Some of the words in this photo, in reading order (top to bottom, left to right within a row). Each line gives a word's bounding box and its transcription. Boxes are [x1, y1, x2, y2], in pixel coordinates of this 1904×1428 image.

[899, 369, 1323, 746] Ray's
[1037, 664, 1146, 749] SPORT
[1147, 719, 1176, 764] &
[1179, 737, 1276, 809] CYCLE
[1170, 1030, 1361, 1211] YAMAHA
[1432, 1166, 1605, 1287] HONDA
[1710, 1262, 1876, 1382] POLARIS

━━━━━━━━━━━━━━━━

(WORK ITEM): Line by line, reproduce the data exactly.

(RESPONSE):
Some of the words in this photo, in reading order (top to bottom, left to right within a row). Each line gives a word's bounding box and its transcription. Boxes are [x1, y1, x2, y2], in pixel coordinates of this 1904×1428 image.

[899, 369, 1323, 746] Ray's
[1037, 664, 1146, 749] SPORT
[1147, 719, 1176, 764] &
[1179, 737, 1276, 809] CYCLE
[1170, 1030, 1361, 1211] YAMAHA
[1432, 1166, 1605, 1287] HONDA
[1710, 1262, 1876, 1382] POLARIS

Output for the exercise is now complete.